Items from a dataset

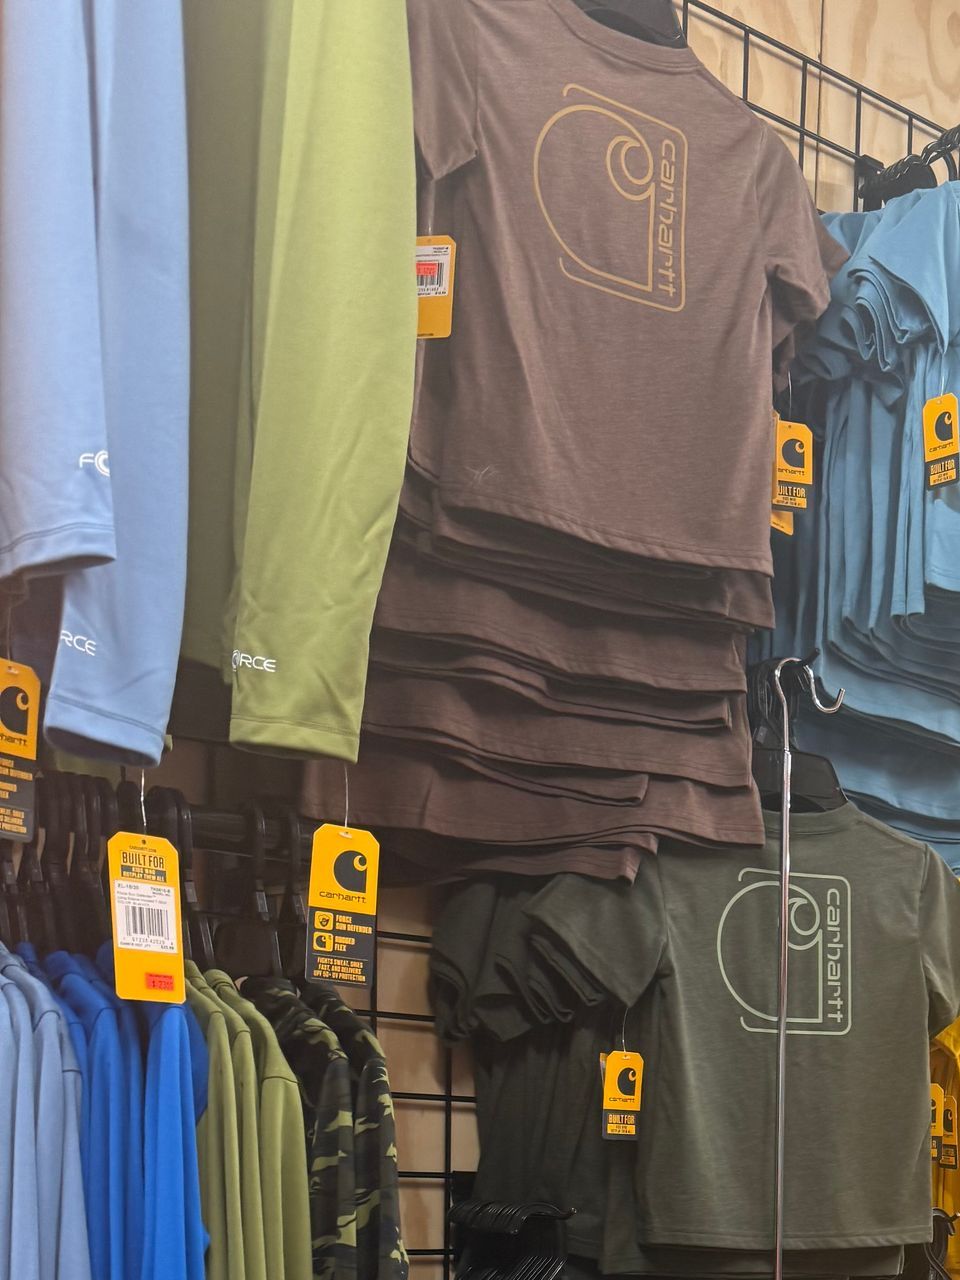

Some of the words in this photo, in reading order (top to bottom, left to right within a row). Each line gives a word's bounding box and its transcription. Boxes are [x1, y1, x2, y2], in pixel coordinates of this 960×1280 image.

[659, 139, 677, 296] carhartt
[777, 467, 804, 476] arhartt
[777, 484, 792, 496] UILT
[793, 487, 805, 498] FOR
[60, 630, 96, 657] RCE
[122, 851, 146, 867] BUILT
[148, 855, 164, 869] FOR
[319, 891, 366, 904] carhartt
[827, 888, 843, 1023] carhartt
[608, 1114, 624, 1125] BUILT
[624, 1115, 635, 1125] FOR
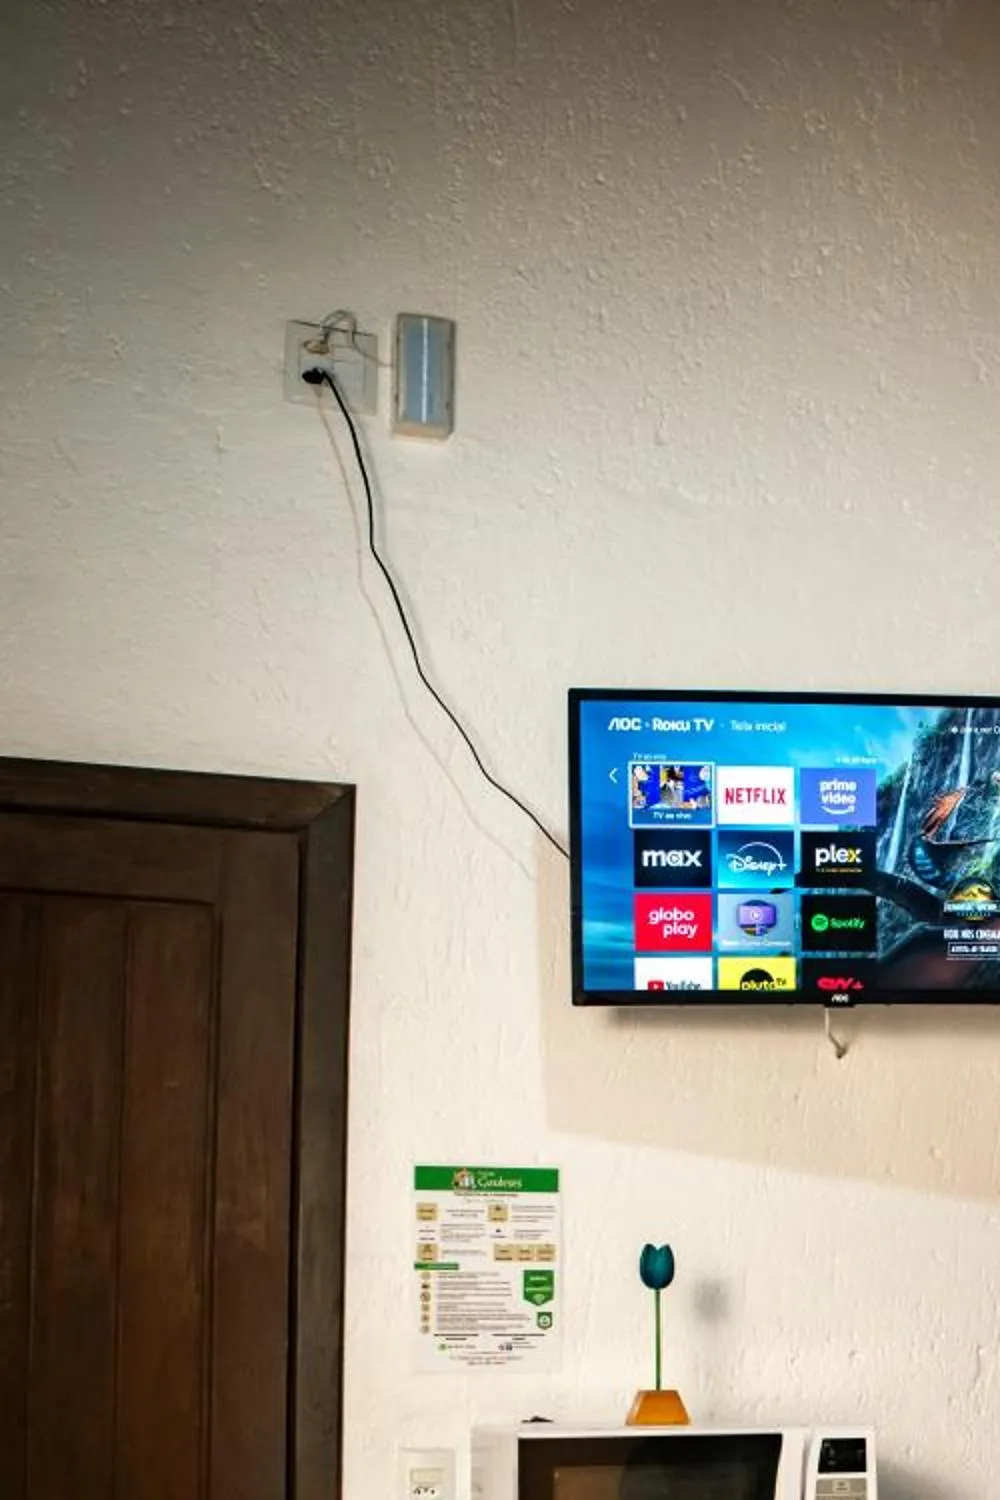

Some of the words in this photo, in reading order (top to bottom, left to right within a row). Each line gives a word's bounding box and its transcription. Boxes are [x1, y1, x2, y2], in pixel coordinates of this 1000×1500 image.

▶ **Exercise**:
Your copy of the entries must be exact and must not include any of their pictures.

▶ **Response to this task**:
Some of the words in this photo, in reading order (top to bottom, left to right within a row). Each line gives a word's bounding box and its transcription. Boxes are [x1, y1, x2, y2], in pixel coordinates of this 960×1280 image.

[659, 139, 677, 296] carhartt
[777, 467, 804, 476] arhartt
[777, 484, 792, 496] UILT
[793, 487, 805, 498] FOR
[60, 630, 96, 657] RCE
[122, 851, 146, 867] BUILT
[148, 855, 164, 869] FOR
[319, 891, 366, 904] carhartt
[827, 888, 843, 1023] carhartt
[608, 1114, 624, 1125] BUILT
[624, 1115, 635, 1125] FOR

Some of the words in this photo, in reading order (top to bottom, left to right within a row). Each line gives a word's bounding box and its transcription. Boxes are [x1, y1, x2, y2], in pixel coordinates of this 1000×1500 image.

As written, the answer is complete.